Koby Appiah-Sakyi, chief executive of The Bank Hospital, Accra, said the Nigerian market was important because of the huge population estimated at 214 million, more than half of the size of the West African sub-region.

He said most hospitals in Ghana attract organic traffic flow of patients from Nigeria as well as Benin, Ivory Coast, and others.

As a result, the African Medical Tourism Council was established early this year to ease the accessibility of tourists who often grumble about journeying to their destinations, Appiah-Sakyi said.
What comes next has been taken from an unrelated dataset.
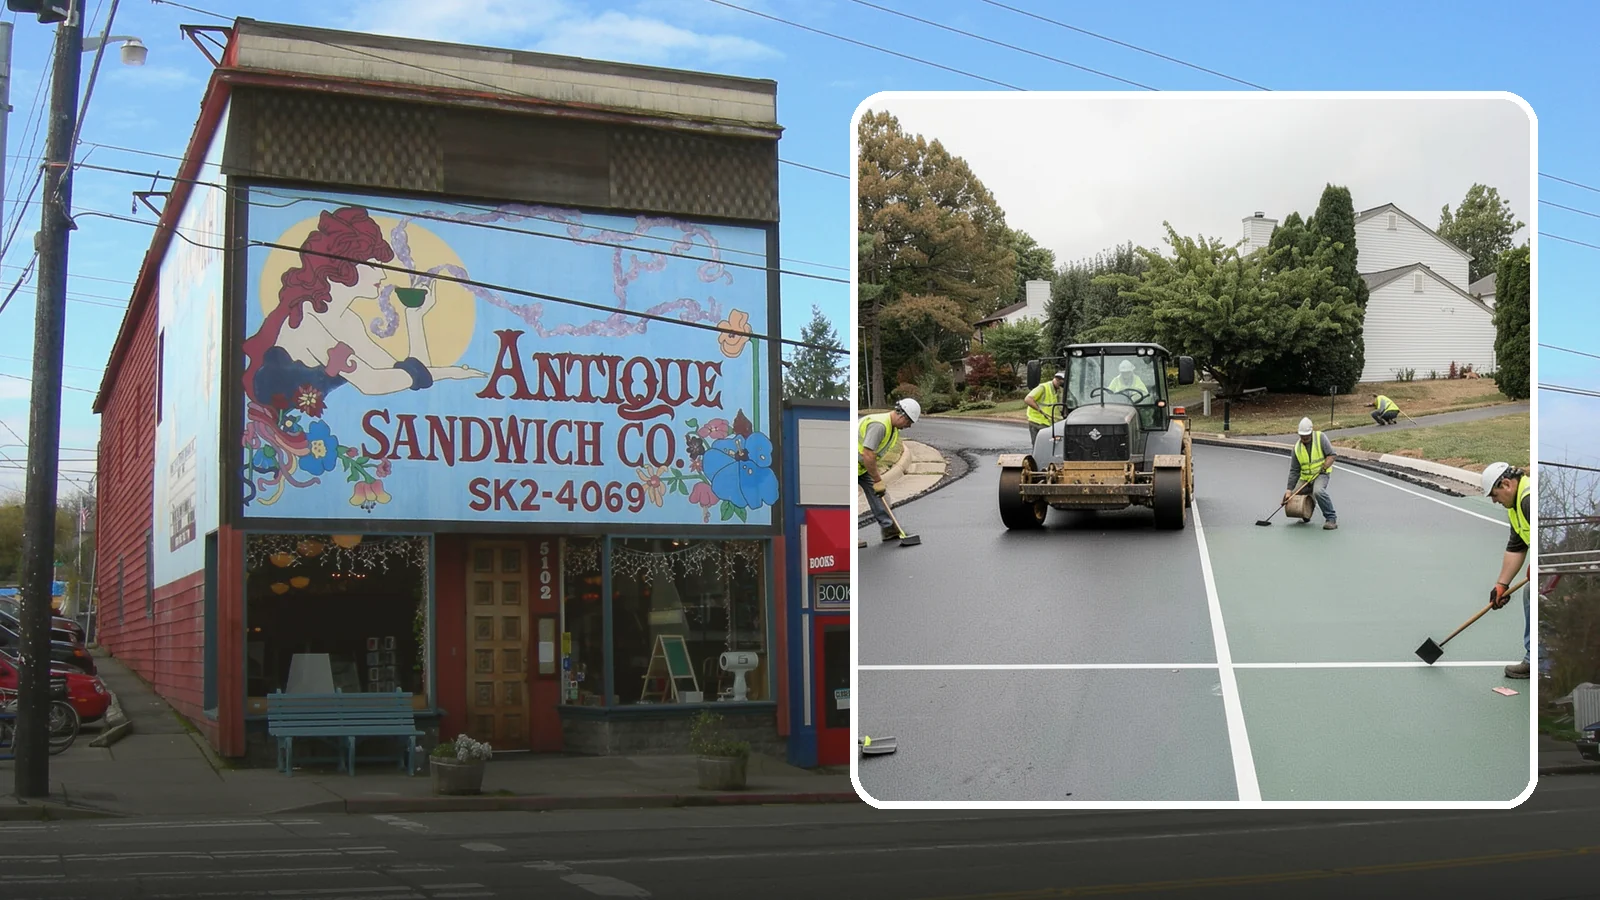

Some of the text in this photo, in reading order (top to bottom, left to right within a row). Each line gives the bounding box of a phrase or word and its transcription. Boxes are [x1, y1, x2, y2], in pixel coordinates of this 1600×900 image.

“It’s an important market and a lot of money goes out of Nigeria to be spent in other parts of the world. What we are saying is that, yes we must go somewhere but within our local sub-region, we must also develop businesses,” he said.

“The reason we need to do this is to expand the scale within the sub-region. If you come and you are operated, the scale stays within the sub-region and it helps us in training our medical students. In 2000, Ghana built the first cardiothoracic centre in the sub-region, which has trained over 100 surgeons, a lot of them Nigerians.”

Appiah-Sakyi returned to Ghana to establish a practice after working at established institutions in the United Kingdom for 18 years and in Qatar for seven years.

He said Ghana’s medical facilities have become modern over the past 15 years, with many returning from abroad to set up facilities that practice at a very high standard.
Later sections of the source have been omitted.